The NHS app may not be ready for use as a vaccine passport when international travel resumes, Downing Street has admitted.

Holidaymakers visiting most popular foreign destinations will be required to show evidence that they have been vaccinated, received a recent negative test or have coronavirus antibodies.

Transport Secretary Grant Shapps has previously said the NHS app – which is currently used to book medical appointments and order repeat prescriptions – will be able to display evidence that someone in England has been vaccinated or tested.

But the Prime Minister’s official spokesman indicated that officials are working on alternative plans for when international travel resumes, which is expected on May 17 for people in England.

“Mr Shapps set out the approach we are looking to take,” the spokesman said.

“Obviously we will be able to confirm ahead of the 17th at the earliest what measures are used for those initial countries that are available for travel, be it the app or another approach.”

The spokesman added: “There are other routes to achieving the same end-goal. We are working on the app at the moment, at pace, to have it ready, and we will be able to confirm ahead of the 17th at the earliest what approaches we will be using.”

Henk van Klaveren, head of public affairs at trade body The Airport Operators Association, said enabling the app to prove a user’s vaccine status “should be a relatively simple technical step” but he is “not as confident” about whether it will integrate test results.

He told the All-Party Parliamentary Group (APPG) on Coronavirus it “has to be the case” that the UK has a “four-nation approach” to the issue.

Covid-19 vaccine doses in the UK
(PA Graphics)

He said: “From Wales, Northern Ireland and Scotland there is currently no road map on how international travel will restart.

“And similarly, there is no approach at the moment on a four-nation basis for a vaccine passport.”

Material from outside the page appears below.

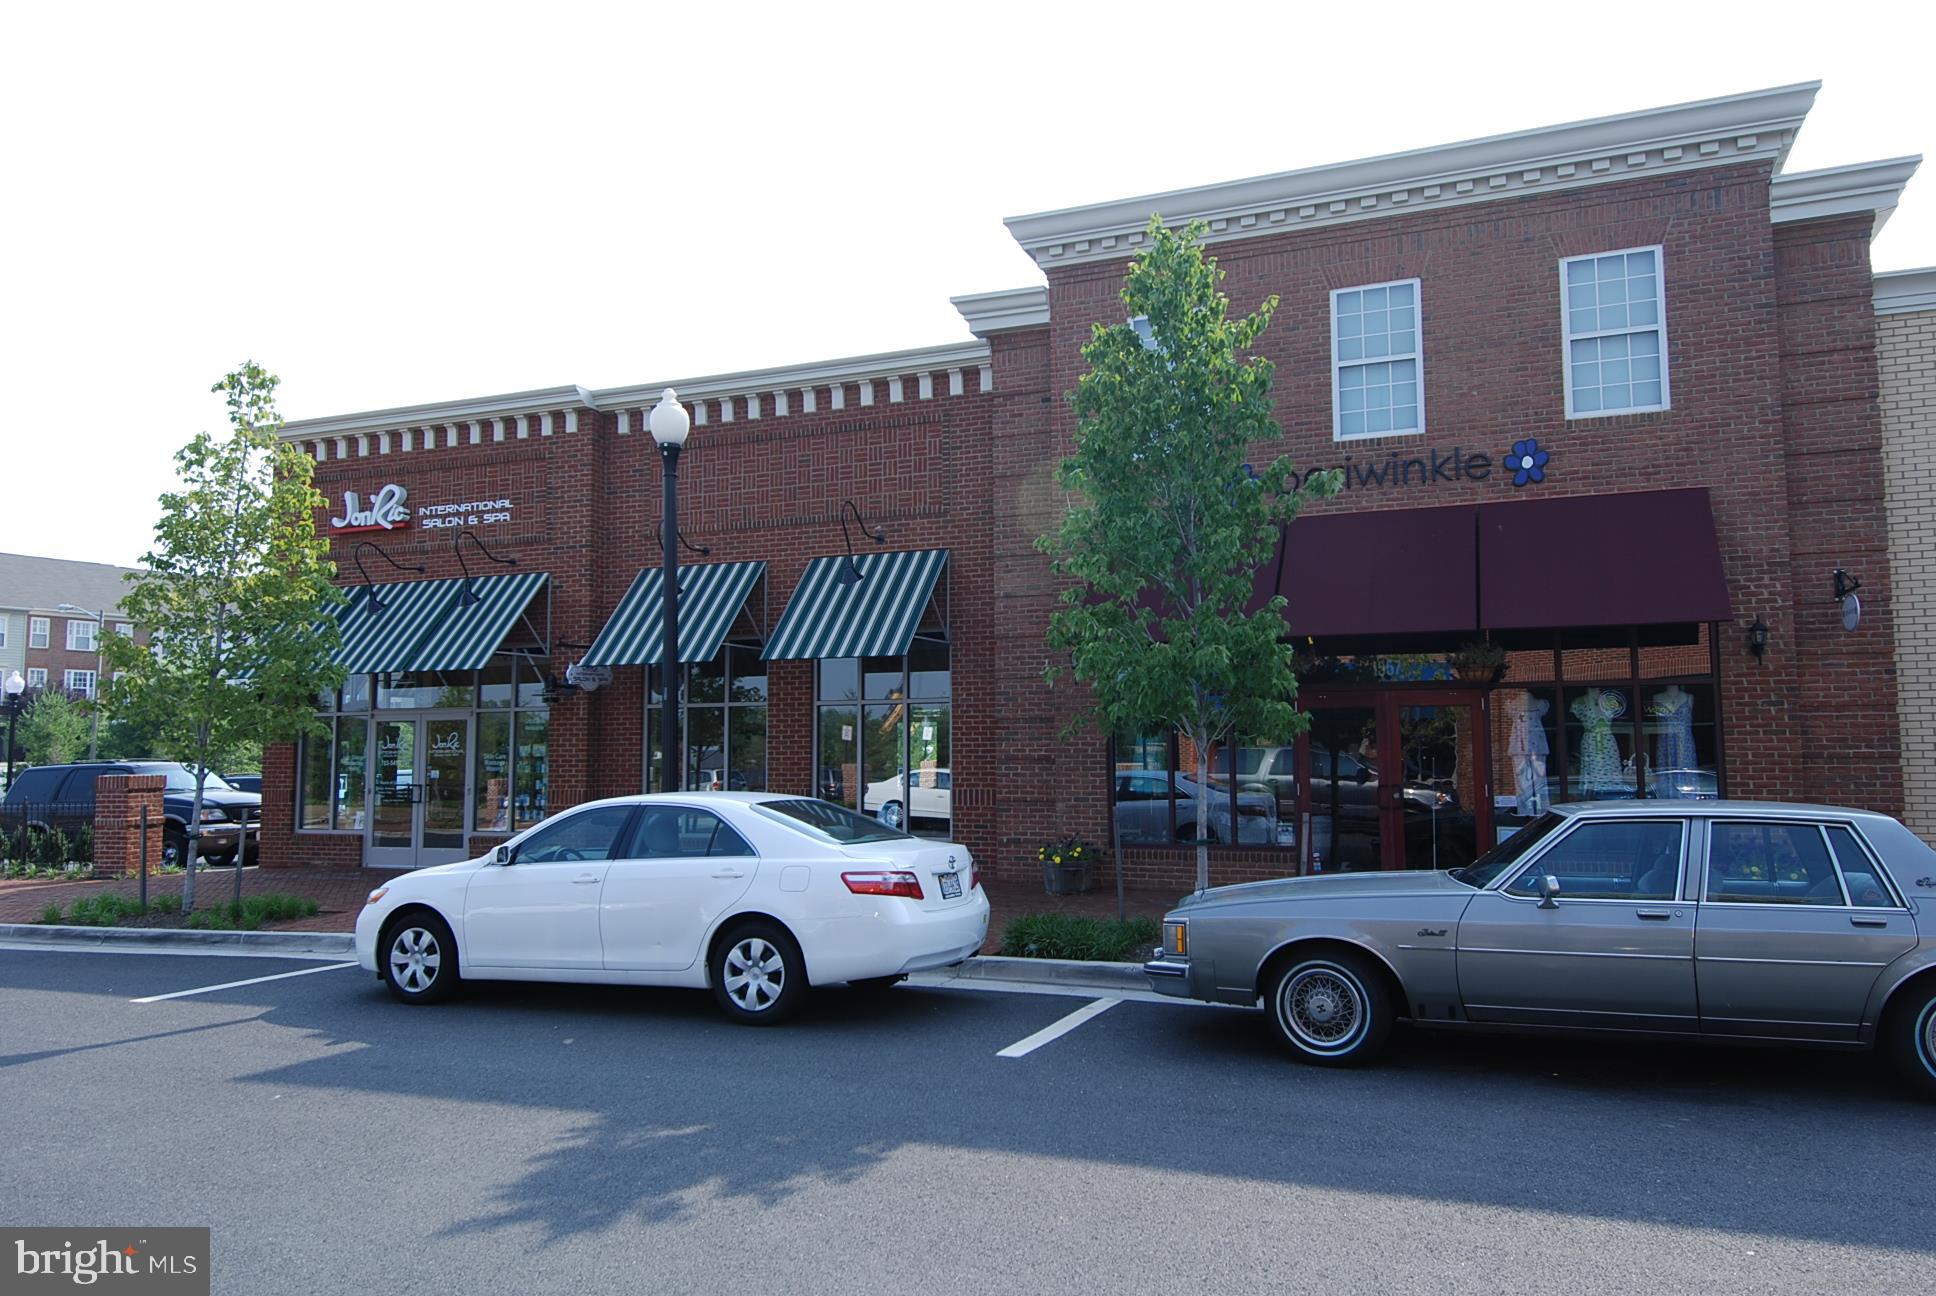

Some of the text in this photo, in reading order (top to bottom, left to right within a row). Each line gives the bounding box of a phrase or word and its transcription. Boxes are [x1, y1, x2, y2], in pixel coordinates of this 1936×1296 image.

[419, 499, 514, 516] INTERNATIONAL
[422, 512, 510, 529] SALON & SPA

Premier League executive director Bill Bush told the hearing that “we do support some form of certification for our events”, suggesting that the alternative was restrictions in the form of social distancing and smaller crowds.

He described a form of certification, provided it was voluntary, as “burdensome” but an “acceptable” way to allow fans to attend matches.

Professor Stephen Reicher, from the University of St Andrews and a member of the Sage sub-committee advising on behavioural science, told the APPG that vaccination of white people is “much higher” than black people, and urged the Government to be “very careful not to exacerbate that” in relation to the use of coronavirus passports for domestic use, such as to gain entry to a pub or restaurant.

He said: “If a particular intervention, a particular form of vaccine passport, creates alienation and undermines the level of vaccine take up, then it’s counterproductive, then that limits our ability to make people safe and limits our ability to reopen our society at every level.”

He added: “There’s a real danger that this pandemic will become a pandemic of inequalities, with certain pockets of marginal communities, of deprived communities, in which people are more exposed and in which people are less vaccinated.”

Karren Brady, member of the APPG and vice-chair of West Ham United Football Club, said: “Sadly, serious questions remain over how Covid passports would work and how effective they would be, whether for domestic events or international travel.

“We still don’t know how long immunity from vaccines lasts, whether a streamlined digital system can be introduced in time for this summer and if it will include Covid test results.

“The UK Government should work with the aviation and events industries to provide answers to these practical challenges.”